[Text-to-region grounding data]
----
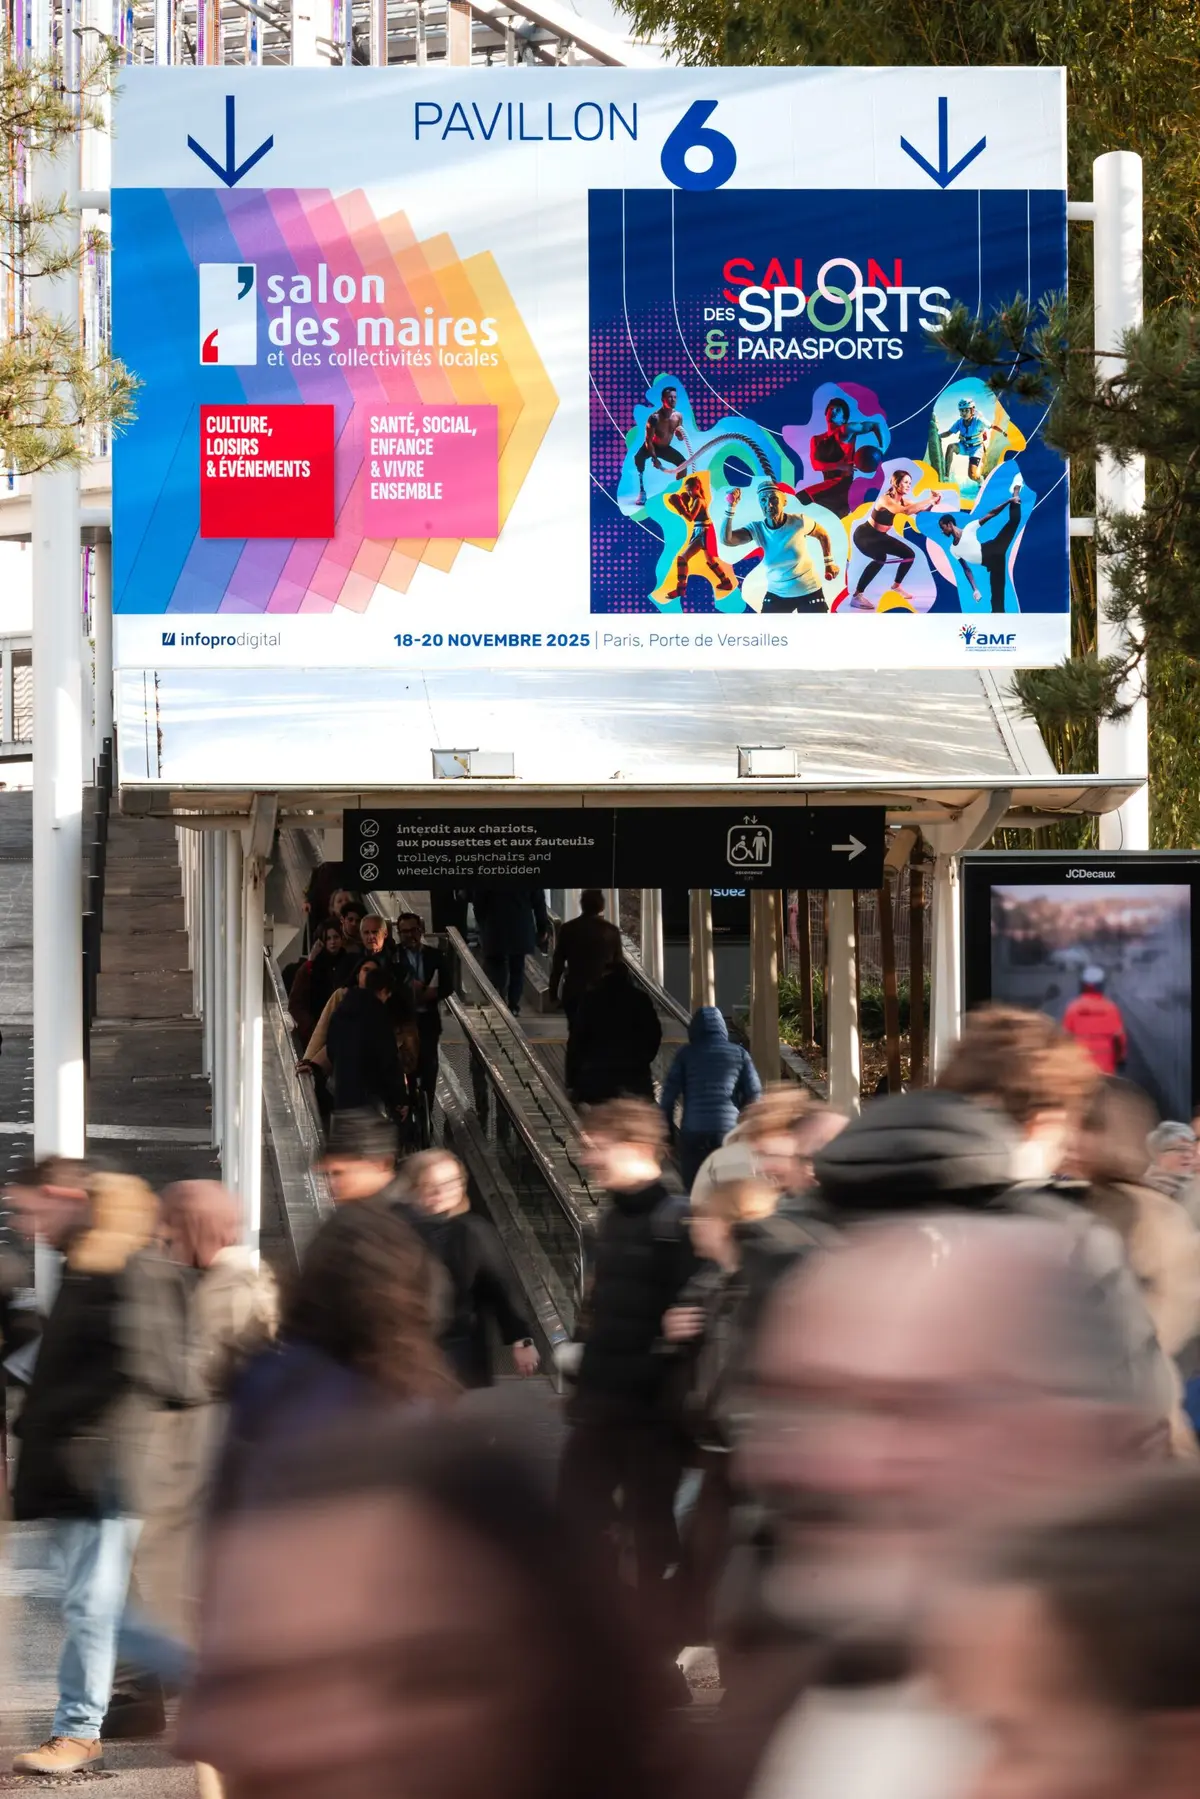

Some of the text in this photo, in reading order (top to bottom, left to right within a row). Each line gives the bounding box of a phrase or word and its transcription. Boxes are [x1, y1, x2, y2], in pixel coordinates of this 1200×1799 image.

[414, 99, 737, 191] PAVILLON 6
[267, 263, 385, 304] salon
[723, 257, 903, 304] SALON
[704, 285, 952, 333] DES SPORTS
[267, 305, 499, 347] des maires
[704, 329, 904, 360] & PARASPORTS
[267, 348, 499, 367] et des collectivités locales
[206, 415, 273, 437] CULTURE,
[370, 412, 477, 437] SANTÉ, SOCIAL,
[206, 438, 259, 456] LOISIRS
[370, 438, 434, 456] ENFANCE
[206, 458, 311, 478] & ÉVÉNEMENTS
[370, 461, 424, 478] & VIVRE
[370, 482, 443, 500] ENSEMBLE
[180, 632, 281, 649] infoprodigital
[393, 633, 590, 647] 18-20 NOVEMBRE 2025
[603, 633, 789, 648] Paris, Porte de Versailles
[396, 823, 538, 834] interdit aux chariots,
[396, 836, 595, 848] aux poussettes et aux fauteuils
[397, 852, 552, 864] trolleys, pushchairs and
[396, 865, 541, 875] wheelchairs forbidden
[1065, 869, 1116, 879] JCDecaux
----
**WHAT IS REQUIRED:** Reproduce all entries without any change, and omit the pictures.

**ANSWER AREA:**
Some of the text in this photo, in reading order (top to bottom, left to right within a row). Each line gives the bounding box of a phrase or word and its transcription. Boxes are [x1, y1, x2, y2], in pixel coordinates of this 1200×1799 image.

[414, 99, 737, 191] PAVILLON 6
[267, 263, 385, 304] salon
[723, 257, 903, 304] SALON
[704, 285, 952, 333] DES SPORTS
[267, 305, 499, 347] des maires
[704, 329, 904, 360] & PARASPORTS
[267, 348, 499, 367] et des collectivités locales
[206, 415, 273, 437] CULTURE,
[370, 412, 477, 437] SANTÉ, SOCIAL,
[206, 438, 259, 456] LOISIRS
[370, 438, 434, 456] ENFANCE
[206, 458, 311, 478] & ÉVÉNEMENTS
[370, 461, 424, 478] & VIVRE
[370, 482, 443, 500] ENSEMBLE
[180, 632, 281, 649] infoprodigital
[393, 633, 590, 647] 18-20 NOVEMBRE 2025
[603, 633, 789, 648] Paris, Porte de Versailles
[396, 823, 538, 834] interdit aux chariots,
[396, 836, 595, 848] aux poussettes et aux fauteuils
[397, 852, 552, 864] trolleys, pushchairs and
[396, 865, 541, 875] wheelchairs forbidden
[1065, 869, 1116, 879] JCDecaux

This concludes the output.